Type out the records that follow, exactly as given.

*** Opening of Data ***

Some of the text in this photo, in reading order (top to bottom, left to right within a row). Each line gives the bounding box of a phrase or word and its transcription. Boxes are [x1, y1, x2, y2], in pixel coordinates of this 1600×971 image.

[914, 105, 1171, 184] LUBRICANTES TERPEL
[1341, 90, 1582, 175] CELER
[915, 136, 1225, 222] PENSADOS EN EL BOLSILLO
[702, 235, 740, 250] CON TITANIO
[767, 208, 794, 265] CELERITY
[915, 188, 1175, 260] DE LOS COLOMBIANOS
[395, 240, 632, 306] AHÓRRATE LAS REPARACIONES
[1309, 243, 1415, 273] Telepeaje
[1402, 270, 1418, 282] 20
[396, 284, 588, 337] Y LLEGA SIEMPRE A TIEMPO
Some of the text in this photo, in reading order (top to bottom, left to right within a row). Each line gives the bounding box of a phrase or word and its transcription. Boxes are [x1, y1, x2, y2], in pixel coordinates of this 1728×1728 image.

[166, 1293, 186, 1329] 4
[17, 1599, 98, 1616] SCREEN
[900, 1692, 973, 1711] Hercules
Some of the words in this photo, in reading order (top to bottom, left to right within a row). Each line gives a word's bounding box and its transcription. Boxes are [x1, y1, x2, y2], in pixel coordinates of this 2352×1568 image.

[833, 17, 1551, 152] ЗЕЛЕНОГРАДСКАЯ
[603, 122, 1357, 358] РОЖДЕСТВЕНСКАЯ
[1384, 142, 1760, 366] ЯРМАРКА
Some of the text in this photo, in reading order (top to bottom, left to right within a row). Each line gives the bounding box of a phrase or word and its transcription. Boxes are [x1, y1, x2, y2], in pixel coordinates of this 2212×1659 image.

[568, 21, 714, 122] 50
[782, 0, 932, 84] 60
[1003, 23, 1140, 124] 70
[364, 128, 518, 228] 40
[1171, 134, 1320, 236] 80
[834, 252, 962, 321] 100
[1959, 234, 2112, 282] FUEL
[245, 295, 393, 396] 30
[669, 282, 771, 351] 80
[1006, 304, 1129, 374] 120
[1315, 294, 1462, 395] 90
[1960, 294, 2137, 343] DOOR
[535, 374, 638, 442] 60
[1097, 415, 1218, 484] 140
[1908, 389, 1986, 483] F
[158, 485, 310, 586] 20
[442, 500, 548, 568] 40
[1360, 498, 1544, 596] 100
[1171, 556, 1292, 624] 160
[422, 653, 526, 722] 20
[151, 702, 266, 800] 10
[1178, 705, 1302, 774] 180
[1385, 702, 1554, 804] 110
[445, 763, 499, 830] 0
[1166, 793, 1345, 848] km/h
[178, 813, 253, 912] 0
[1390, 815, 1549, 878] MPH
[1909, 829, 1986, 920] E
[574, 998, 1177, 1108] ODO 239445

*** Close of Data ***

Completed task:
Some of the text in this photo, in reading order (top to bottom, left to right within a row). Each line gives the bounding box of a phrase or word and its transcription. Boxes are [x1, y1, x2, y2], in pixel coordinates of this 1600×971 image.

[914, 105, 1171, 184] LUBRICANTES TERPEL
[1341, 90, 1582, 175] CELER
[915, 136, 1225, 222] PENSADOS EN EL BOLSILLO
[702, 235, 740, 250] CON TITANIO
[767, 208, 794, 265] CELERITY
[915, 188, 1175, 260] DE LOS COLOMBIANOS
[395, 240, 632, 306] AHÓRRATE LAS REPARACIONES
[1309, 243, 1415, 273] Telepeaje
[1402, 270, 1418, 282] 20
[396, 284, 588, 337] Y LLEGA SIEMPRE A TIEMPO
Some of the text in this photo, in reading order (top to bottom, left to right within a row). Each line gives the bounding box of a phrase or word and its transcription. Boxes are [x1, y1, x2, y2], in pixel coordinates of this 1728×1728 image.

[166, 1293, 186, 1329] 4
[17, 1599, 98, 1616] SCREEN
[900, 1692, 973, 1711] Hercules
Some of the words in this photo, in reading order (top to bottom, left to right within a row). Each line gives a word's bounding box and its transcription. Boxes are [x1, y1, x2, y2], in pixel coordinates of this 2352×1568 image.

[833, 17, 1551, 152] ЗЕЛЕНОГРАДСКАЯ
[603, 122, 1357, 358] РОЖДЕСТВЕНСКАЯ
[1384, 142, 1760, 366] ЯРМАРКА
Some of the text in this photo, in reading order (top to bottom, left to right within a row). Each line gives the bounding box of a phrase or word and its transcription. Boxes are [x1, y1, x2, y2], in pixel coordinates of this 2212×1659 image.

[568, 21, 714, 122] 50
[782, 0, 932, 84] 60
[1003, 23, 1140, 124] 70
[364, 128, 518, 228] 40
[1171, 134, 1320, 236] 80
[834, 252, 962, 321] 100
[1959, 234, 2112, 282] FUEL
[245, 295, 393, 396] 30
[669, 282, 771, 351] 80
[1006, 304, 1129, 374] 120
[1315, 294, 1462, 395] 90
[1960, 294, 2137, 343] DOOR
[535, 374, 638, 442] 60
[1097, 415, 1218, 484] 140
[1908, 389, 1986, 483] F
[158, 485, 310, 586] 20
[442, 500, 548, 568] 40
[1360, 498, 1544, 596] 100
[1171, 556, 1292, 624] 160
[422, 653, 526, 722] 20
[151, 702, 266, 800] 10
[1178, 705, 1302, 774] 180
[1385, 702, 1554, 804] 110
[445, 763, 499, 830] 0
[1166, 793, 1345, 848] km/h
[178, 813, 253, 912] 0
[1390, 815, 1549, 878] MPH
[1909, 829, 1986, 920] E
[574, 998, 1177, 1108] ODO 239445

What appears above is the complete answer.